The BBC seeks to increase its global reach to 500 million people weekly from today’s 308 million by 2022, much of it coming from digital.

But while it may be an institution in the U.K., elsewhere, the BBC faces a myriad of competitors. So to stay ahead, it’s going to rely on technology, and funds. BBC World Service (of which BBC global news is a part) just got a government funding boost of £35 million ($52 million) for 2016 and 2017, followed by £85 million, around a third of its current budget, for the next three years.

As for technology, here are four ways it’s using it to fuel its growth:

Using artificial intelligence to find new audiences for Sherlock Homes
Quintessentially British shows including “Doctor Who” and “Sherlock Holmes” do well abroad, so they pull their weight in revenue generation, mostly from selling the show to broadcasters and in DVD and Blu-ray sales.

But to find new audiences in a busy content landscape, BBC Worldwide, the commercial arm of the BBC, is using artificial intelligence tools. It’s working with New Zealand-based firm Parrot Analytics, which uses data science and artificial intelligence to gauge global demand for TV shows, according to Recode.

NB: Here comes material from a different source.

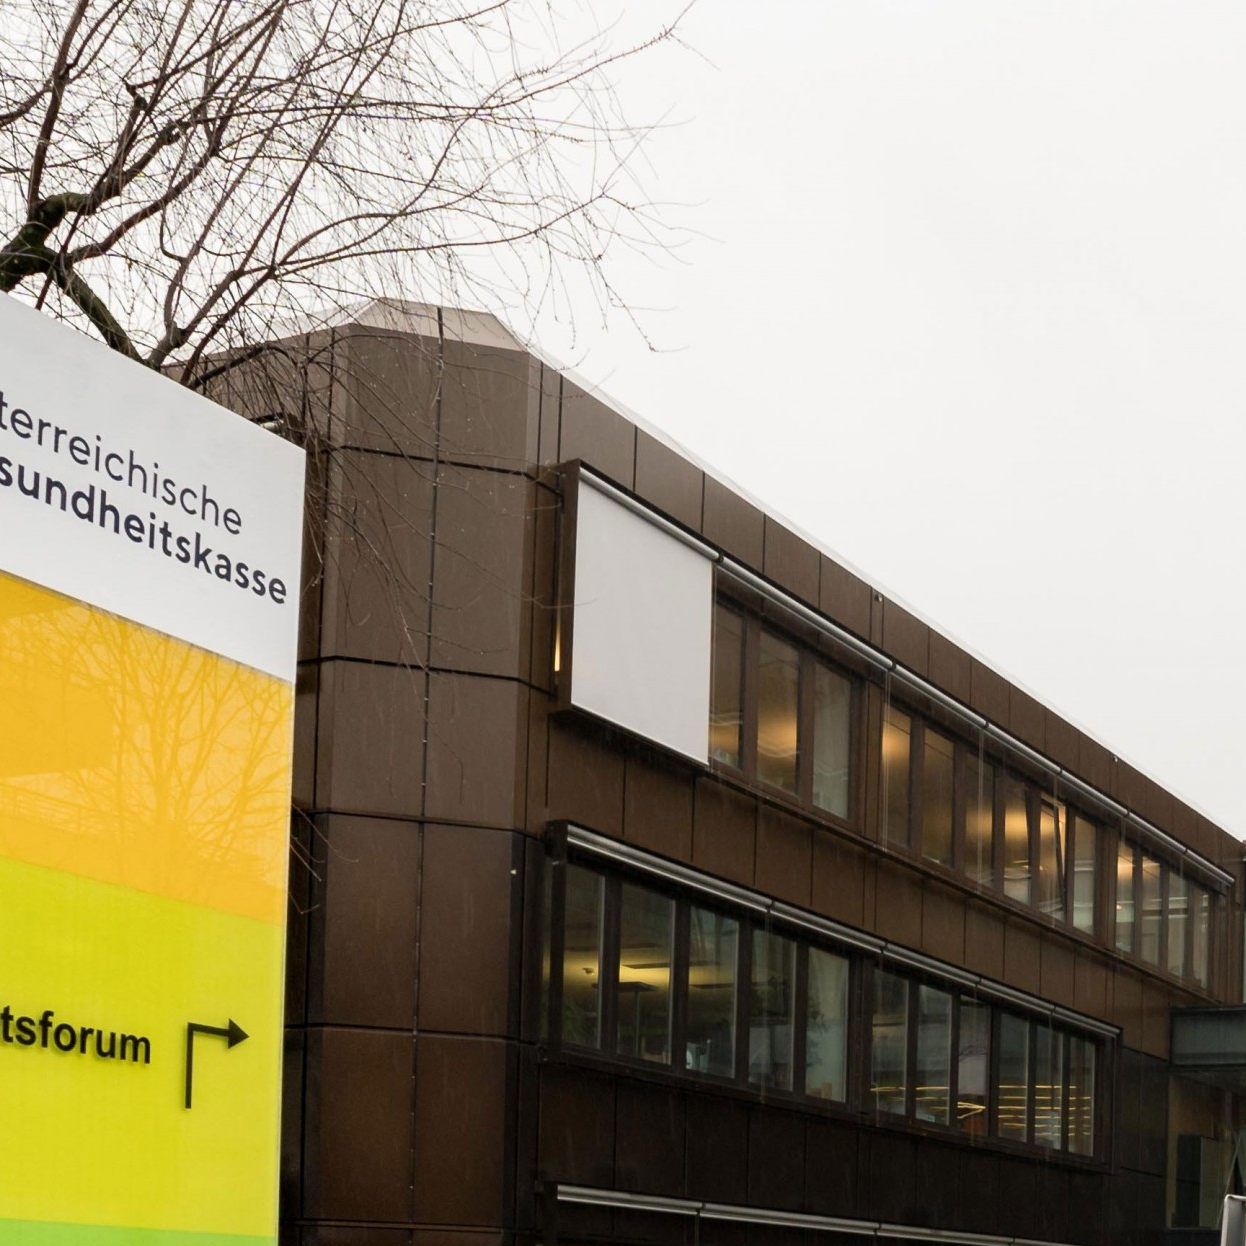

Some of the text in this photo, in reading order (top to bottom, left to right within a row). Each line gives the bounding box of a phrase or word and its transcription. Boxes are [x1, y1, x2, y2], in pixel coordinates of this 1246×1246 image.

Machine-generated voice-overs for multi-language video news
The BBC is experimenting with replacing human voice-overs with machine-generated ones for its international online videos, starting with its Japan site in October and Russia on tap to follow in 2016.

The way it works is, once videos are recorded in English, the script is put through a mix of translation engines, such as the free online service Google Translate. Then, editors in the host countries will refine the translations. Then they’re recorded by a voice synthesizer and added to the videos.

Human editors will still be key to the process to ensure the translations don’t sound robotic and are idiomatically and culturally correct, said BBC News digital development director James Montgomery. “The precision of language really matters,” he said.

If the technology survives beyond the pilot phase, which ends in April, Montgomery sees the potential for it to free up editorial staff to focus more on original reporting.

Personalizing global news
The BBC is experimenting with ways to make global news more personal while resurfacing videos and articles from the BBC’s archive. It has launched a site called Your Story where users can input their name and date of birth and get a timeline of events that have unfolded in their lifetimes. Your Story rolled out this week and is available in Spanish, Russian and Portuguese, three of the BBC’s larger international markets.

BBCNews

For mobile users, the BBC has updated its BBC News app to let users customize the news they get by topics and countries via the My News section. The app also provides access to the BBC’s full international range of images, audio and video for the first time.

Messaging apps for emergency services
Aware people are increasingly spending their time on chat apps, the BBC also began using Viber to send news and information to Nepali people affected by earthquakes in April, getting 1,000 subscribers in first three weeks.